Canadian Olivia Smith made a big impression in the role of Chrisann. Jobs treats her with threatening contempt in the opera, refusing to acknowledge his child and repeatedly pushing her mother aside. This is as nothing compared with Jobs’s sustained brutality in real life. The role could hardly be more difficult. Smith’s rich, humane soprano soared through the vocal line and projected an entirely sympathetic and touching woman struggling to confront raw power. She was outstanding.

John Moore fits the part of Steve Jobs like the Levi 501 jeans he wears throughout (a uniform Jobs actually adopted relatively late). He is on stage virtually full time. His smooth, classic baritone, mobile presence and immaculate diction project a man of driven purpose. At times rough and tough, he can seem sympathetic despite Jobs’s behavior.

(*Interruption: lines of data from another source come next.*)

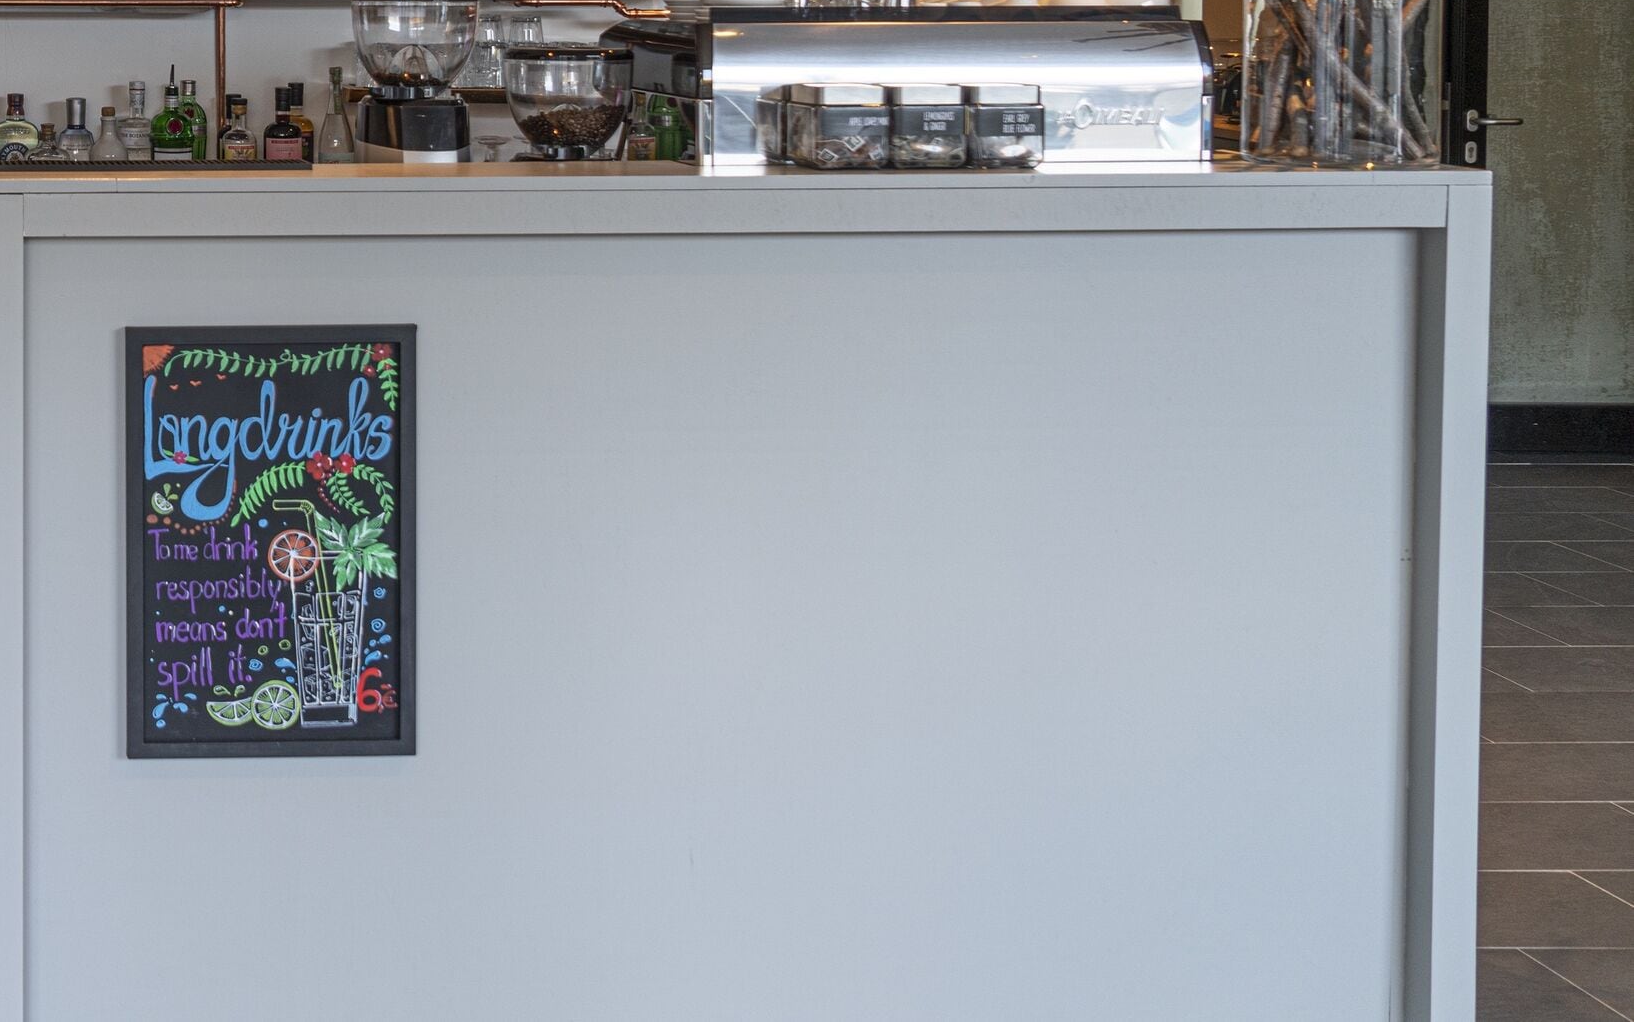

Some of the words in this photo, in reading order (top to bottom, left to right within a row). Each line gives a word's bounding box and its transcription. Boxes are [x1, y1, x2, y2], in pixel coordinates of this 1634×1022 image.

[143, 374, 393, 520] Longdrinks
[147, 528, 170, 560] To
[173, 544, 198, 561] me
[203, 523, 258, 561] drink
[155, 564, 284, 615] responsibly
[155, 620, 227, 642] means
[235, 601, 288, 639] don't
[156, 646, 214, 702] spill

Sasha Cooke’s Laurene is a wonder of empathetic presence. She carries much of the opera’s emotional burden. Her rich mezzo unfailingly embodies the required authority of a strong, independent woman. She somehow transcends the dimension of female cheerleader to Jobs that is built into her part. Equally engaging is tenor Bille Bruley as “Woz,” the brains behind the Jobs revolution.  And Wei Wu deployed his rich bass to shine as the predictably wise Kõbun.  

Sixteen fluorescent blocks floated magically around the stage to form varied locales and screens for beautifully striking projections — all framed by thin, brightly colored LED threads. Only that lush apple orchard and a panorama of Yosemite National Park, where Steve and Laurene were married, disrupt a glowing minimalist aesthetic clearly meant to honor Jobs’s austerely elegant vision for Apple products and stores. Kevin Newbury directed the rush of action with cyber efficiency, in settings by Victoria (Vita) Tzykun, costumes by Paul Carey, lighting by Japhy Weideman, and projections from 59 Productions. The perfectly integrated sound by Rick Jacobsohn escaped most failings of amplification, though a certain monolithic, glassy impact seems baked in.

Michael Christie led his varied forces with a crisp, dynamic precision that kept  the horses galloping, yet under firm control. He let us access the attractive energy of Mason Bates’s persuasive story telling in music.